[Start of section]
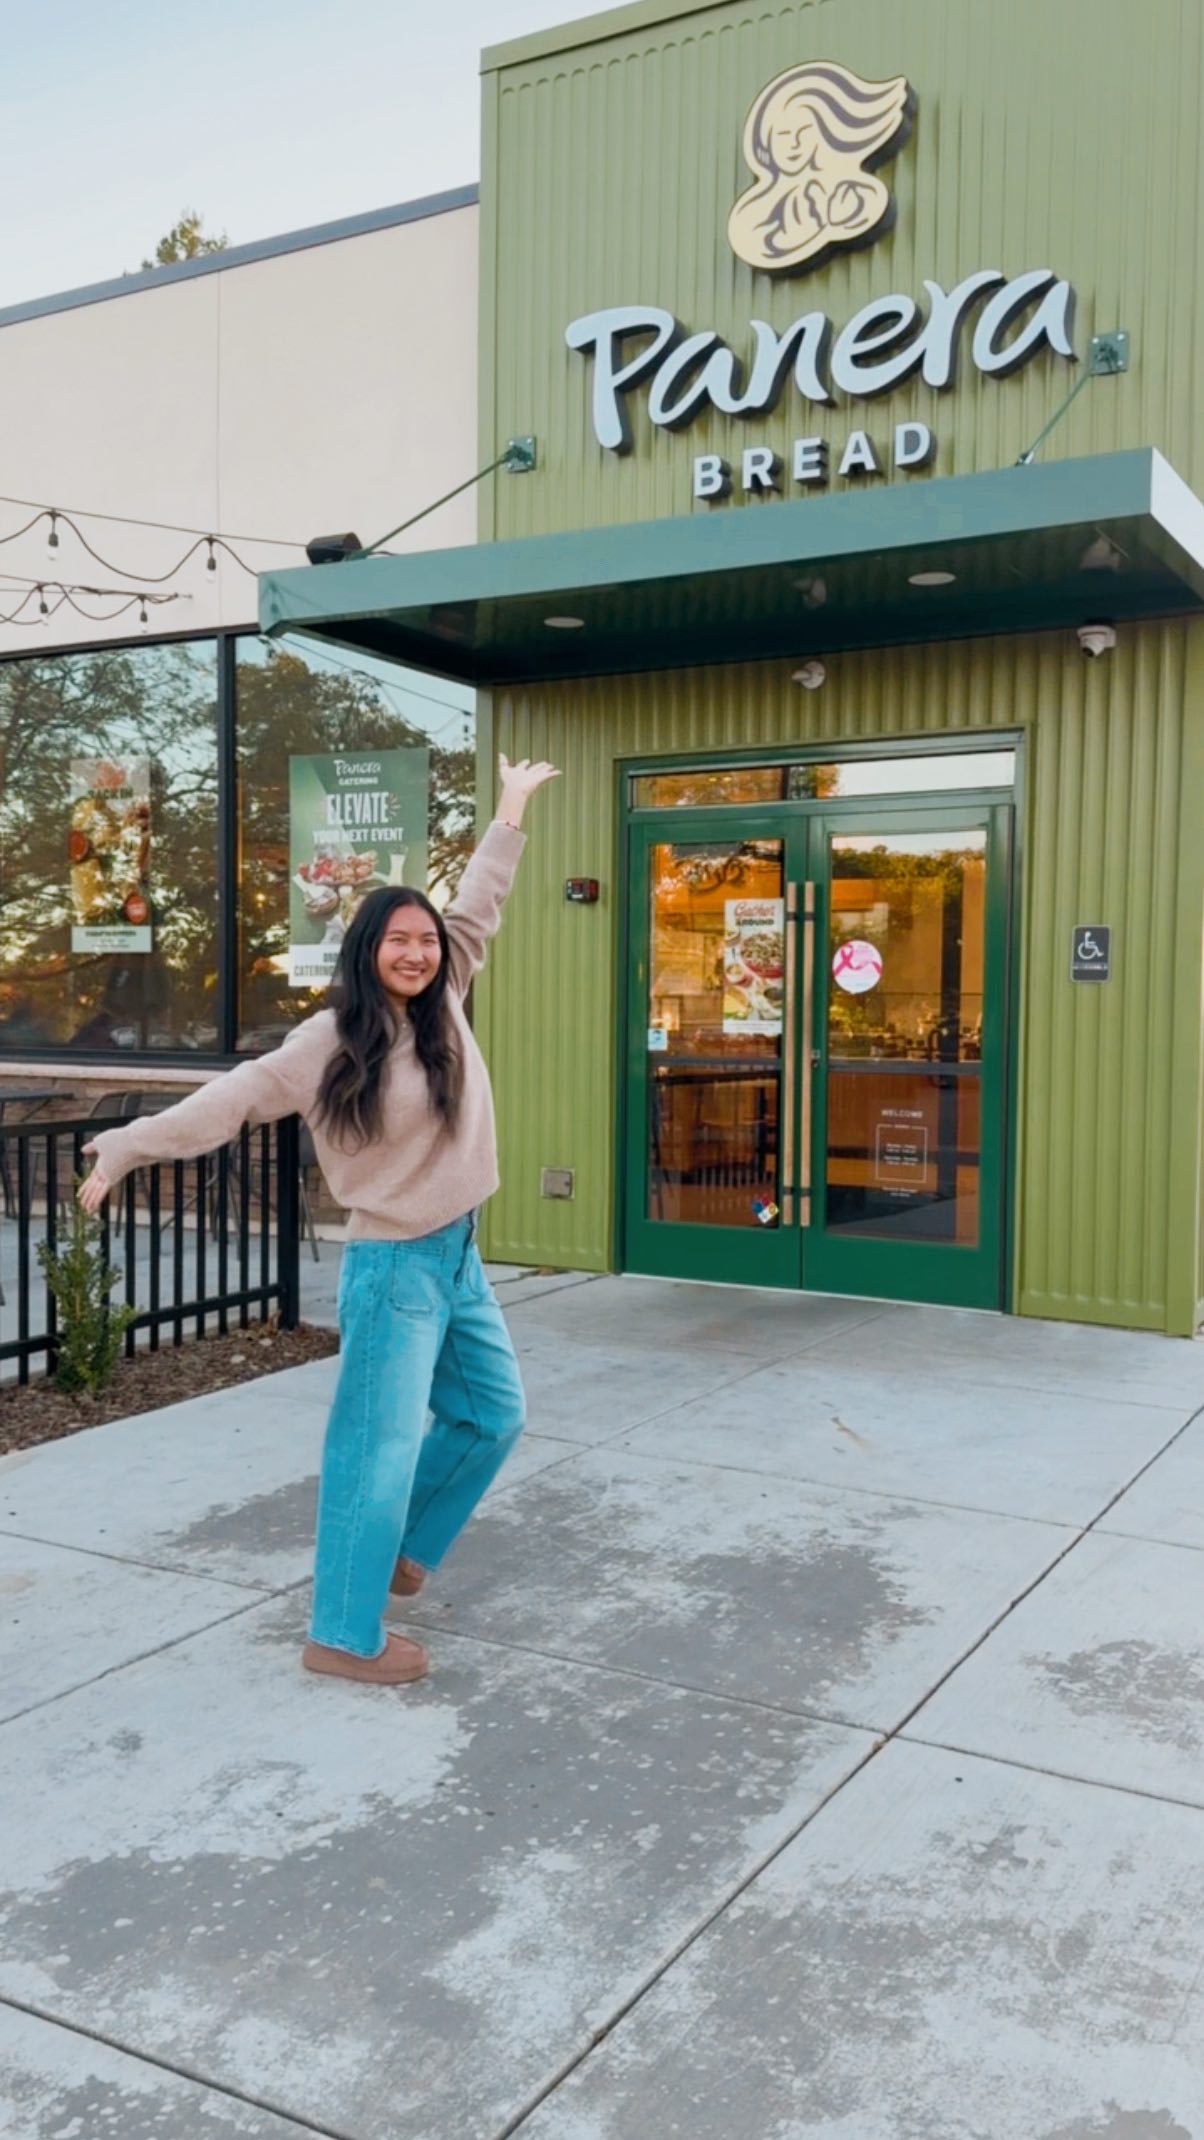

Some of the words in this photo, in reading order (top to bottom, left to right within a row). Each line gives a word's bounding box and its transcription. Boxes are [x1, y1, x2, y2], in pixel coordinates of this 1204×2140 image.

[564, 269, 1074, 450] Panera
[693, 421, 933, 499] BREAD
[333, 759, 381, 776] Panera
[338, 777, 379, 786] CATERING
[326, 791, 390, 826] ELEVATE
[312, 830, 340, 844] YOUR
[342, 829, 369, 843] NEXT
[371, 827, 404, 841] EVENT
[881, 1109, 923, 1118] WELCOME
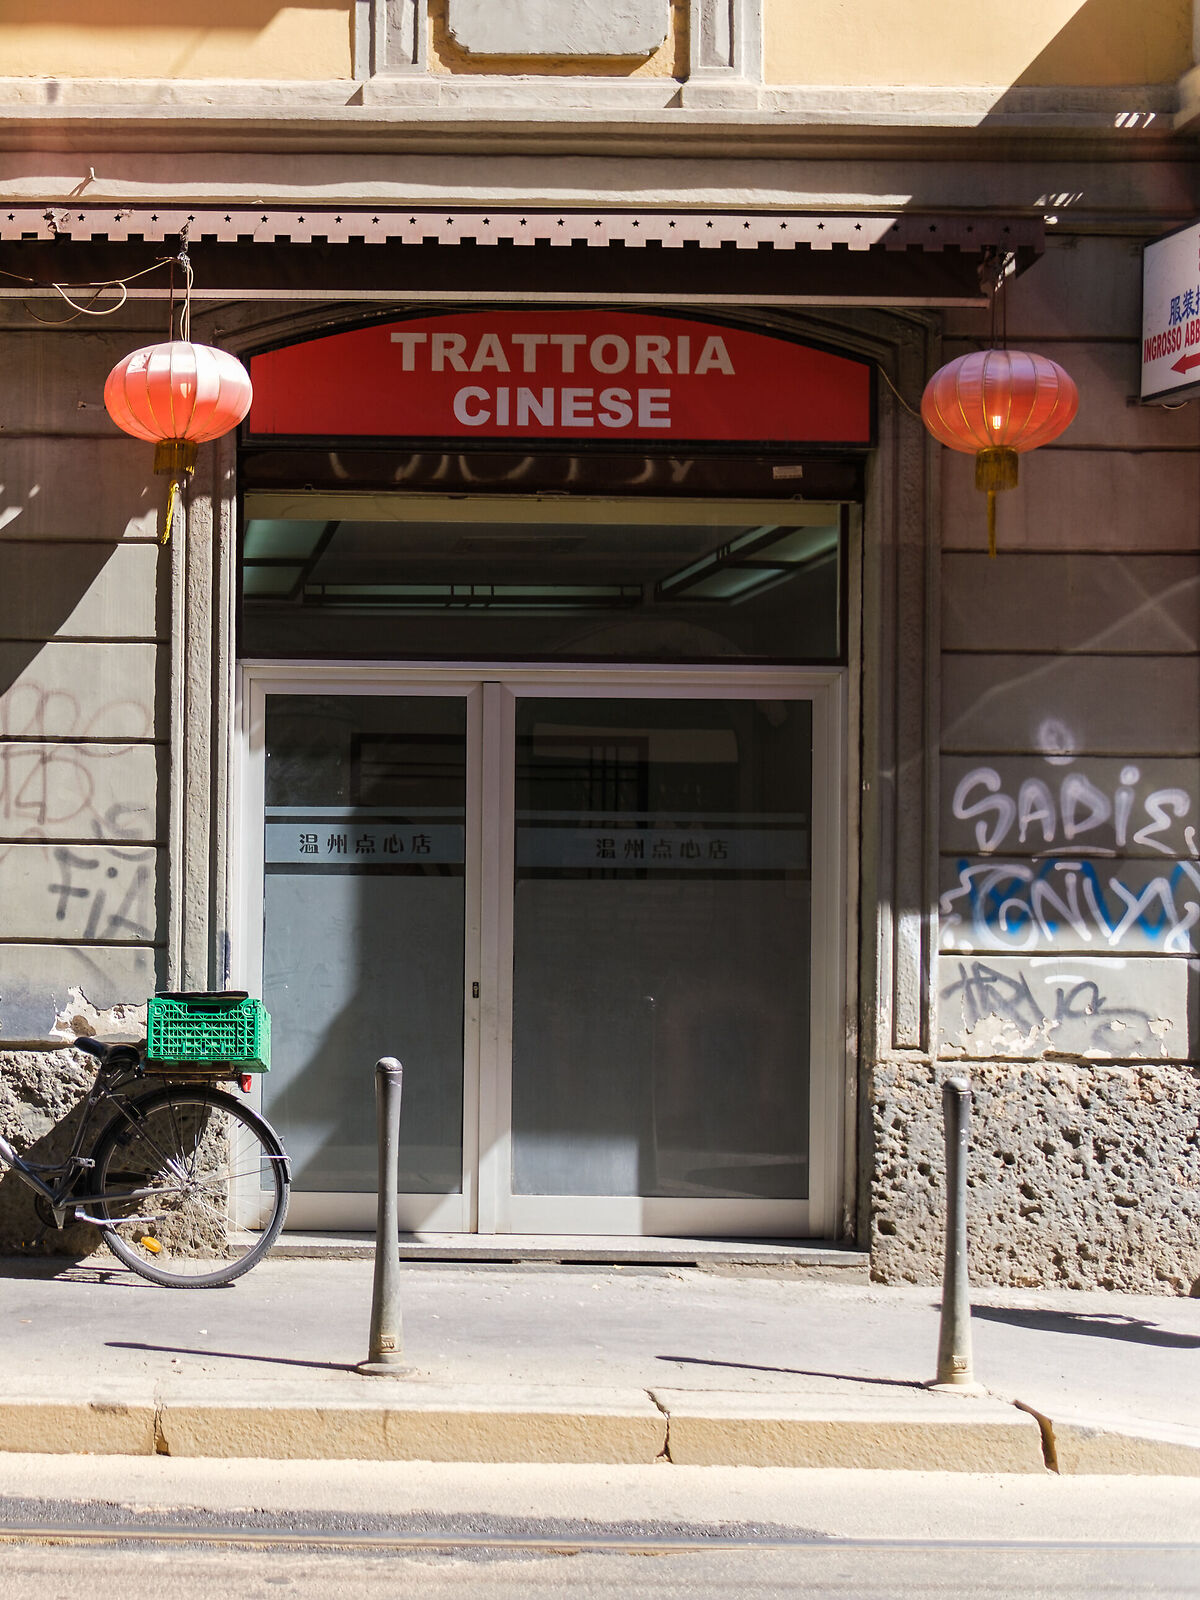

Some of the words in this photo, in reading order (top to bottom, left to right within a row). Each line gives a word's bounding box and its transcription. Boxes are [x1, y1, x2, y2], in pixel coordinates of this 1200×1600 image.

[390, 332, 736, 376] TRATTORIA
[1143, 326, 1182, 363] INGROSSO
[452, 385, 672, 428] CINESE
[299, 833, 432, 854] 温州点心店
[596, 838, 729, 860] 温州点心店
[End of section]
● Directions for this task:
Exclude the pictures and repeat the entries word for word.

● Exercise solution:
Some of the words in this photo, in reading order (top to bottom, left to right within a row). Each line gives a word's bounding box and its transcription. Boxes are [x1, y1, x2, y2], in pixel coordinates of this 1204×2140 image.

[564, 269, 1074, 450] Panera
[693, 421, 933, 499] BREAD
[333, 759, 381, 776] Panera
[338, 777, 379, 786] CATERING
[326, 791, 390, 826] ELEVATE
[312, 830, 340, 844] YOUR
[342, 829, 369, 843] NEXT
[371, 827, 404, 841] EVENT
[881, 1109, 923, 1118] WELCOME

Some of the words in this photo, in reading order (top to bottom, left to right within a row). Each line gives a word's bounding box and its transcription. Boxes are [x1, y1, x2, y2], in pixel coordinates of this 1200×1600 image.

[390, 332, 736, 376] TRATTORIA
[1143, 326, 1182, 363] INGROSSO
[452, 385, 672, 428] CINESE
[299, 833, 432, 854] 温州点心店
[596, 838, 729, 860] 温州点心店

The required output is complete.